Kenanga Research & Investment

Malaysia Manufacturing PMI - Manufacturing activity slowdown extends into July on softer demand

kiasutrader
Publish date: Fri, 02 Aug 2019, 08:52 AM

OVERVIEW

● Manufacturing activity slowed further in July, remaining in a contractionary mode for the tenth consecutive month. The deterioration in the Purchasing Manager’s Index (PMI) was attributable to softer demand conditions, amid a challenging business environment. July’s PMI reading stood at 47.6, a tad lower than 47.8 recorded in the preceding month.

● Weak demand conditions weighed production activities and hiring but were offset by positive export demand. The seasonally adjusted output index edged up for the first time since April despite a lacklustre domestic demand. This is mainly due to the net inflow of new business from abroad, thanks to higher export demand from the US, Japan and Turkey, which lifted seasonally adjusted new order index above weak levels. As firms takes a more cautious approach in purchasing and hiring, employment was reduced in the period.

Nonetheless, manufacturers remained optimistic on improved production growth over the next 12 months, and expect order book volumes to pick up amid downside risk from the external sector.

● Input cost rose in July underpinned by unfavourable exchange rate though Ringgit edged higher against USD in July at 4.12 (June: 4.16). Besides, increased charges from suppliers and higher utility costs also prop up cost. However, the rate of inflation eased to a three-month low, indicating an easing of inflationary pressure on the supply chain. According to IHS Markit survey report,manufacturers raised their output charges marginally, as most firms transfer cost burden to customers. Hence, we expect inflation to moderate in 2H19 and maintain our slower CPI growth forecast of 0.7% in 2019 (2018: 1.0%).

● Global manufacturing activity slumped. In the advanced economies, German Flash Manufacturing PMI dipped to a seven-year low weighed by a decreased in new orders, employment and inventories. Overall, Flash Manufacturing PMI in Eurozone fell to a reading of 47 in July (June: 48.5), the lowest in more than six years. This could prompt the European Central Bank (ECB) to relaunch monetary stimulus in the next policy meeting on 12th September. Meanwhile, Flash US Manufacturing PMI eased to 50.0 from 50.6 in June, a record 118-month low, signalling that the economy is to start the 3Q19 at a disappointing pace. Hence, this prompted the US Fed to cut its policy rate by 25 basis points at its recent FOMC meeting. Similarly, ASEAN manufacturing PMI fell to a two-year low of 49.5 from 49.7 in June, pointing to a further deterioration in manufacturing conditions due to a slight reduction in overall output. In China, factory activity shrank for the third month in a row due to sluggish demand at home and abroad, as a result of prolonged trade war and growth slowdown.

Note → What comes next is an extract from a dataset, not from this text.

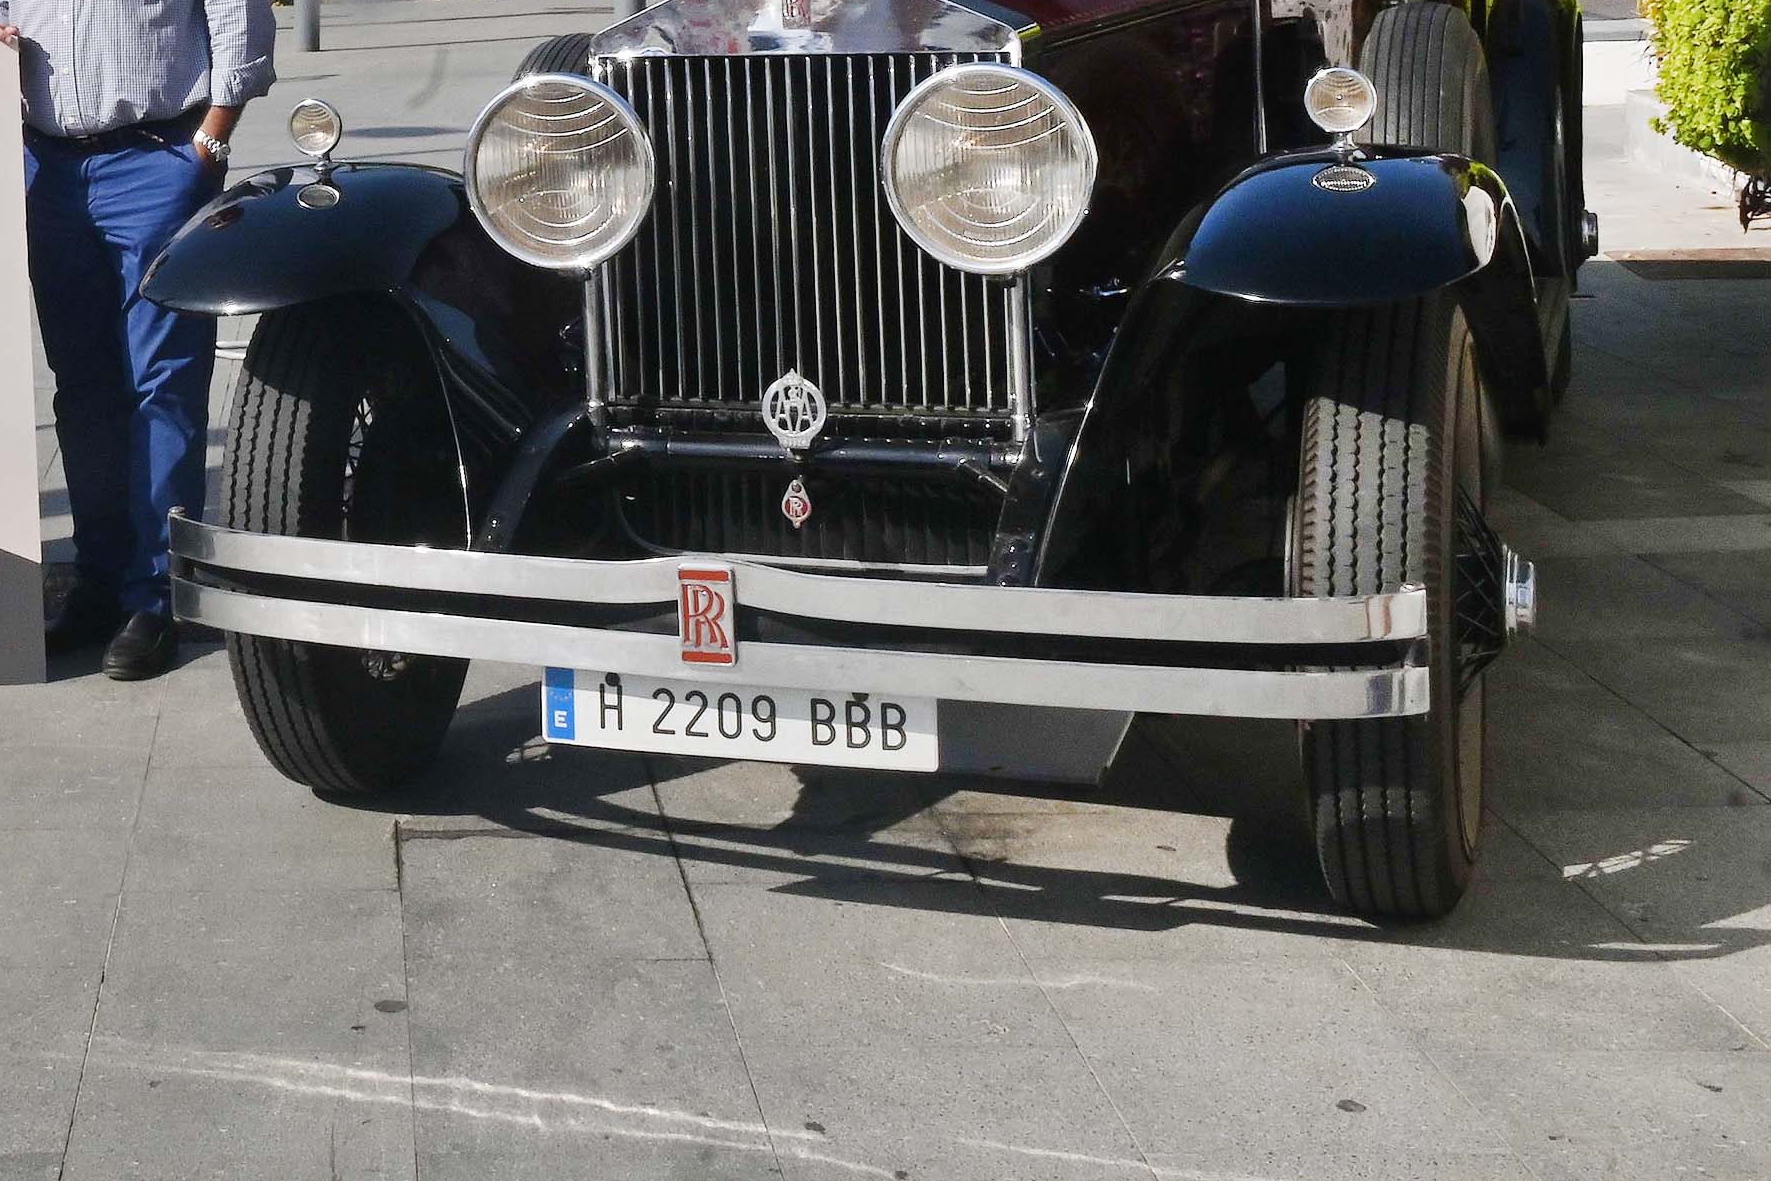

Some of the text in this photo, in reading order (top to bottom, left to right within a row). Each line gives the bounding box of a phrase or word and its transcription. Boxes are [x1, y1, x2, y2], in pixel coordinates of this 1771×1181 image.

[681, 583, 729, 649] RR
[554, 683, 907, 751] E H 2209 BBB

Meanwhile, there is no clarity whether the trade deal between US and China would be finalised anytime soon or even a clearer path to more substantive future talks. Hence, this supports our view to remain cautiously optimistic on manufacturing activities given the rise of external risk. Overall, we expect GDP growth to moderate to 4.5% in 2019 (2018: 4.7%) on the back of slowdown in key export markets and an expectation of softer domestic demand.